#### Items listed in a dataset
----------

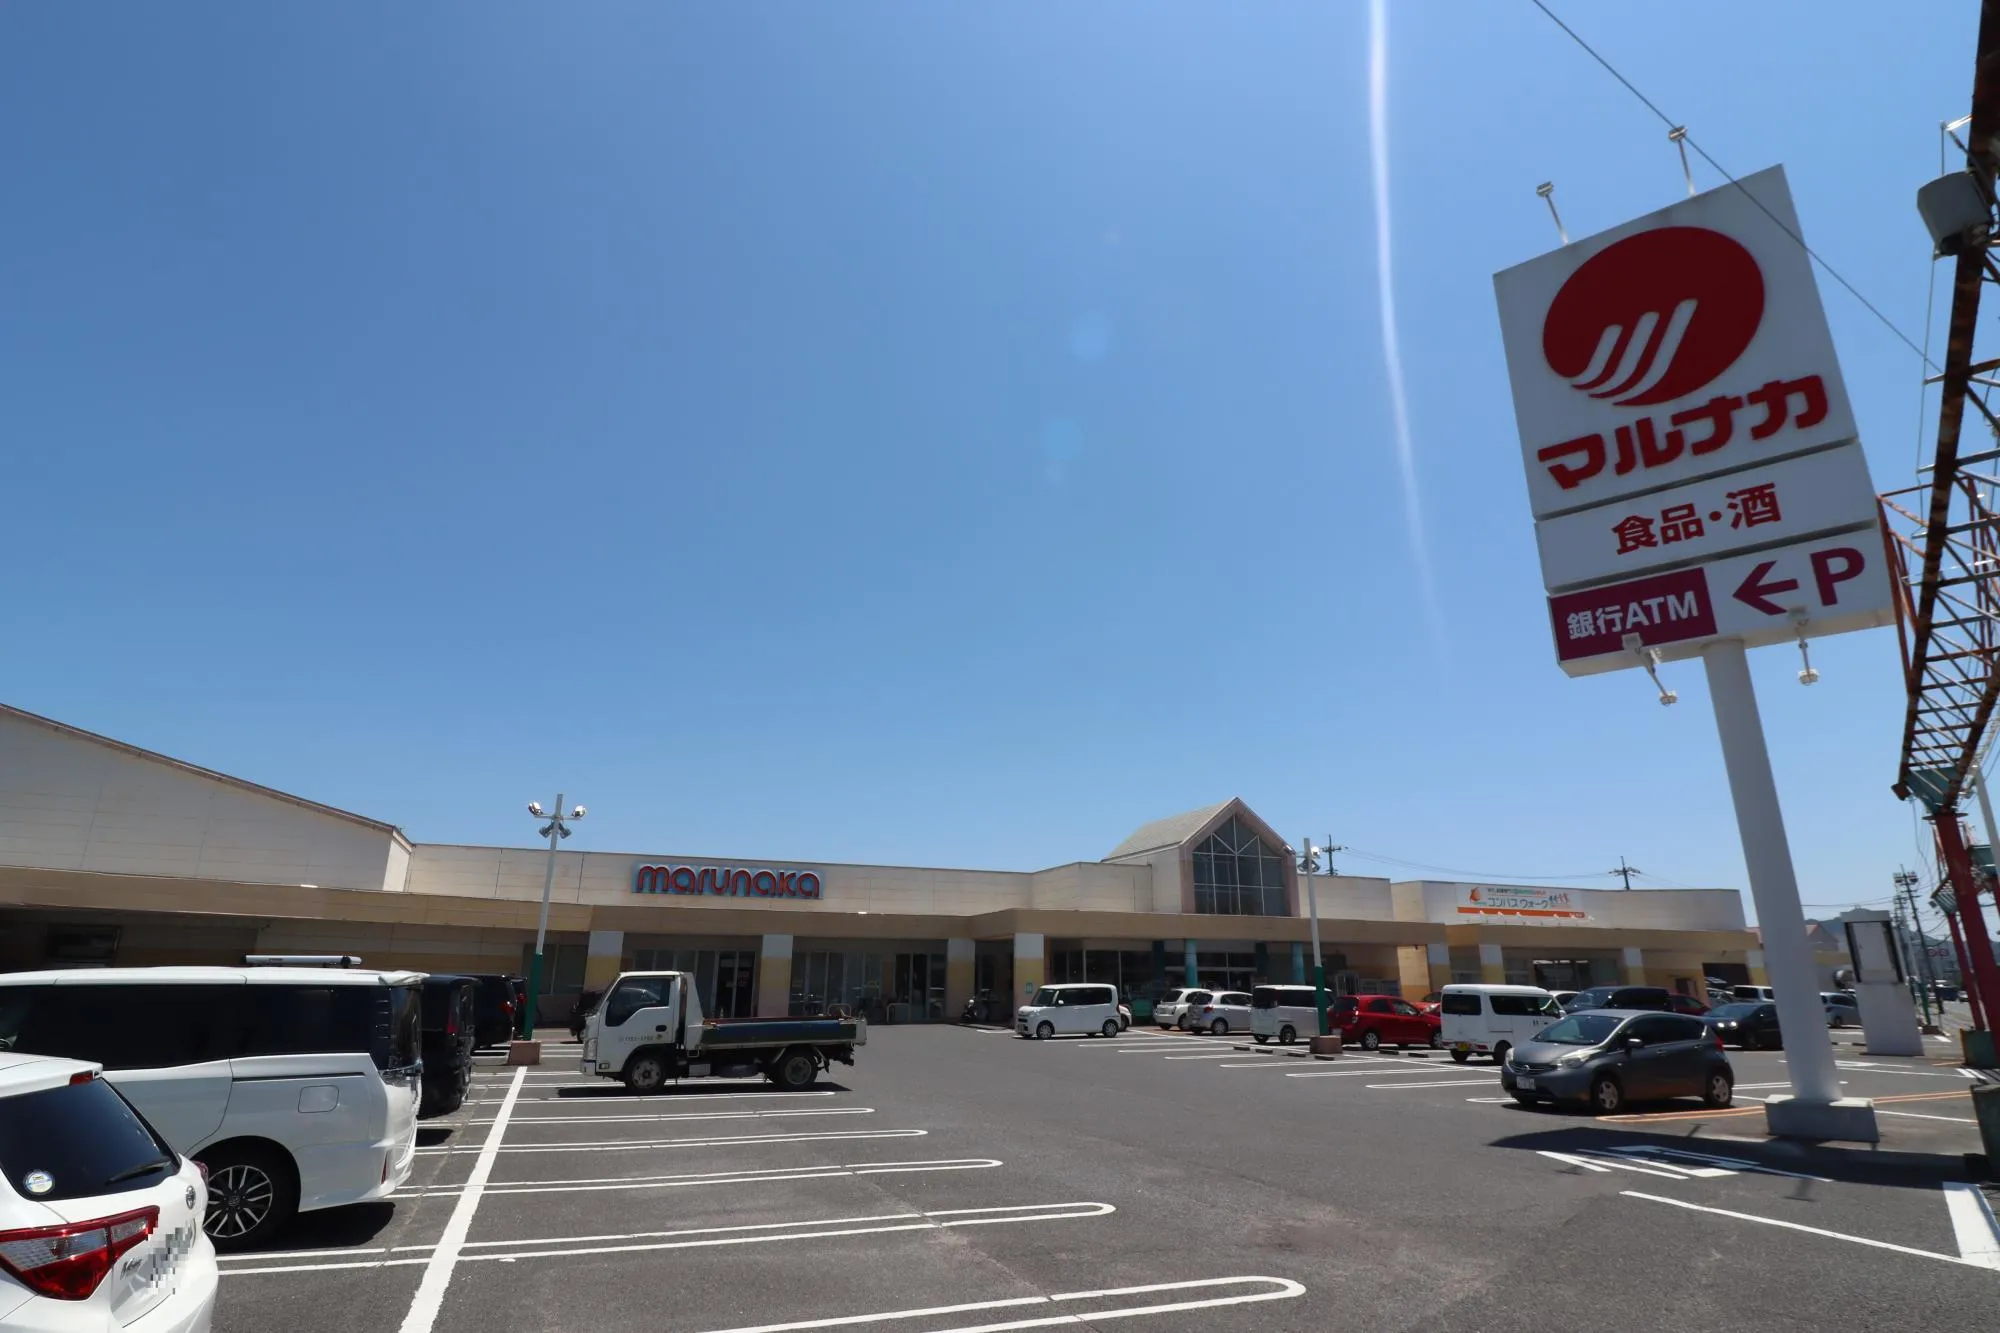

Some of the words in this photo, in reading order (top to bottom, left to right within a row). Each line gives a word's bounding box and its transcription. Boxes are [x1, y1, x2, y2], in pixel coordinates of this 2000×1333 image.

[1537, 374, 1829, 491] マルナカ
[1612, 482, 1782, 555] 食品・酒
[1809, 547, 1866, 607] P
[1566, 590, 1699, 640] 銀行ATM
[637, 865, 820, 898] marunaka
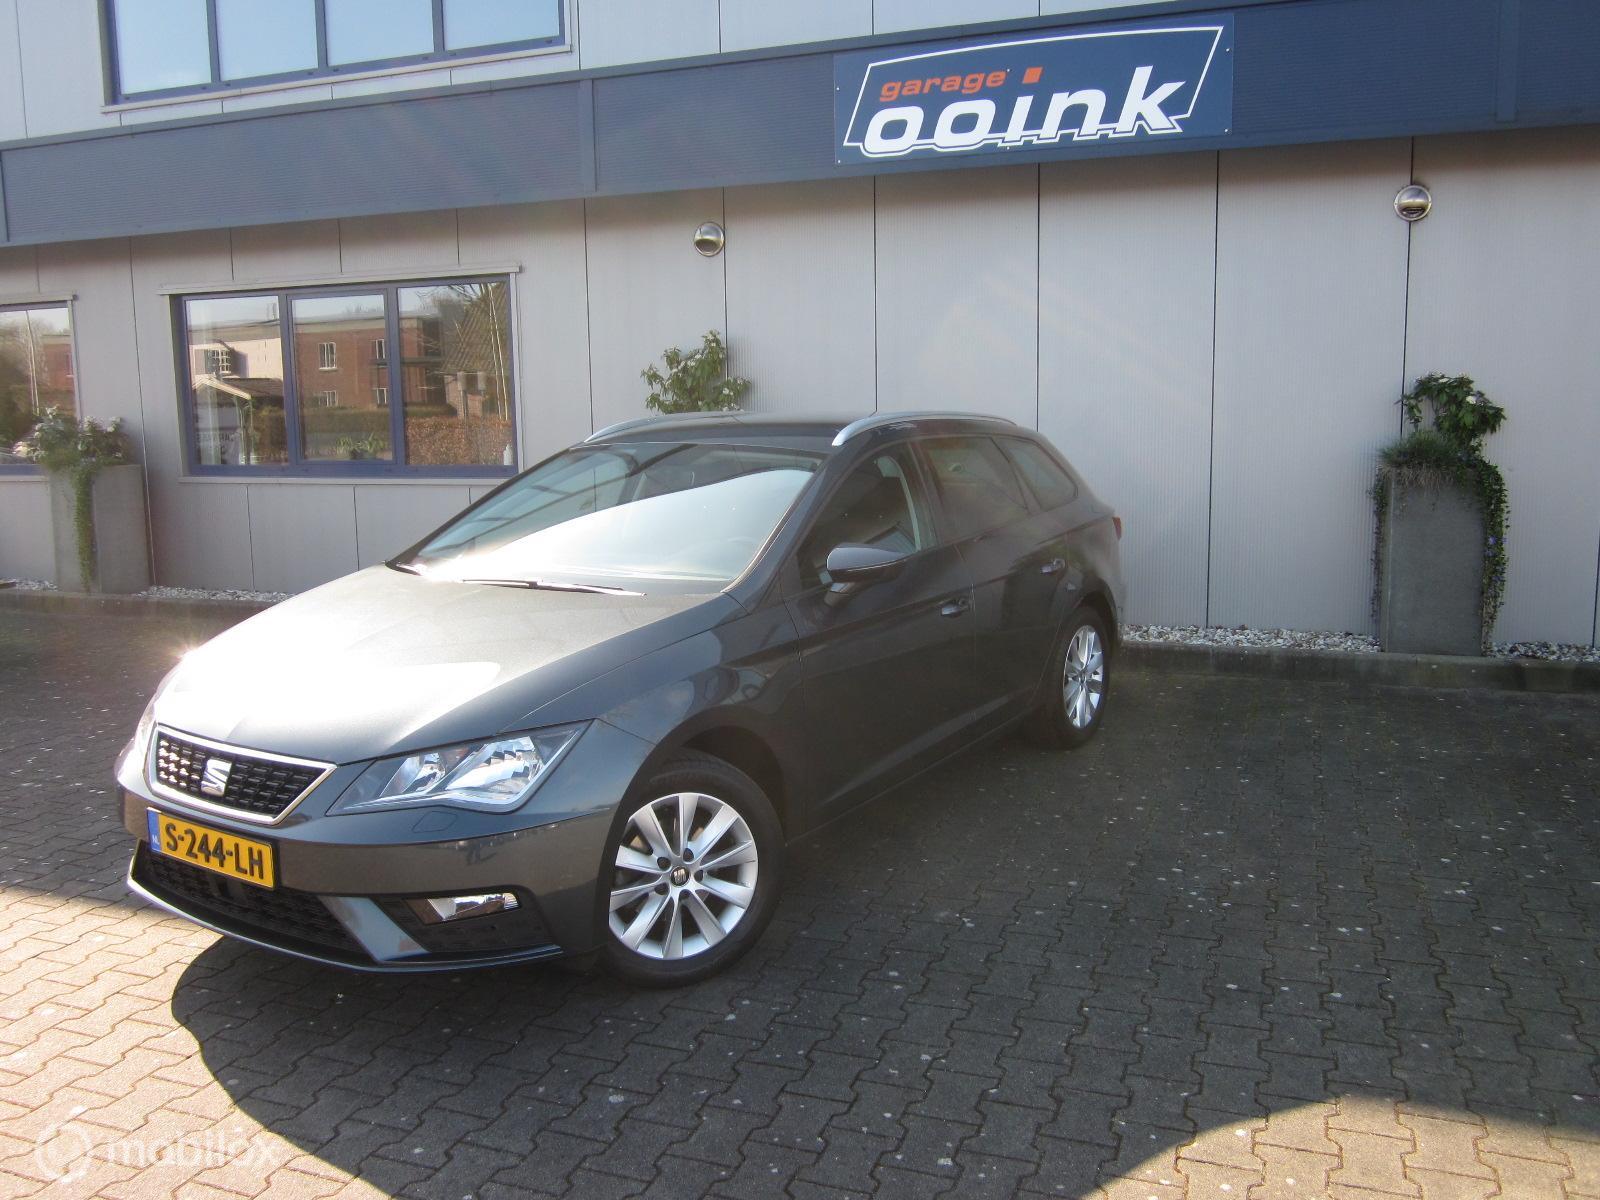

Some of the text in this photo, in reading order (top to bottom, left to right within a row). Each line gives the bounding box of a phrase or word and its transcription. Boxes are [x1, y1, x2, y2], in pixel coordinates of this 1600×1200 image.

----------

Could you repeat all of the data exactly, minus the pictures?

#### Answer space
Some of the words in this photo, in reading order (top to bottom, left to right within a row). Each line gives a word's bounding box and its transcription. Boxes are [x1, y1, x2, y2], in pixel coordinates of this 2000×1333 image.

[1537, 374, 1829, 491] マルナカ
[1612, 482, 1782, 555] 食品・酒
[1809, 547, 1866, 607] P
[1566, 590, 1699, 640] 銀行ATM
[637, 865, 820, 898] marunaka

Some of the text in this photo, in reading order (top to bottom, left to right within a row). Each line gives the bounding box of a phrase or word and its transcription. Boxes are [x1, y1, x2, y2], in pixel coordinates of this 1600×1200 image.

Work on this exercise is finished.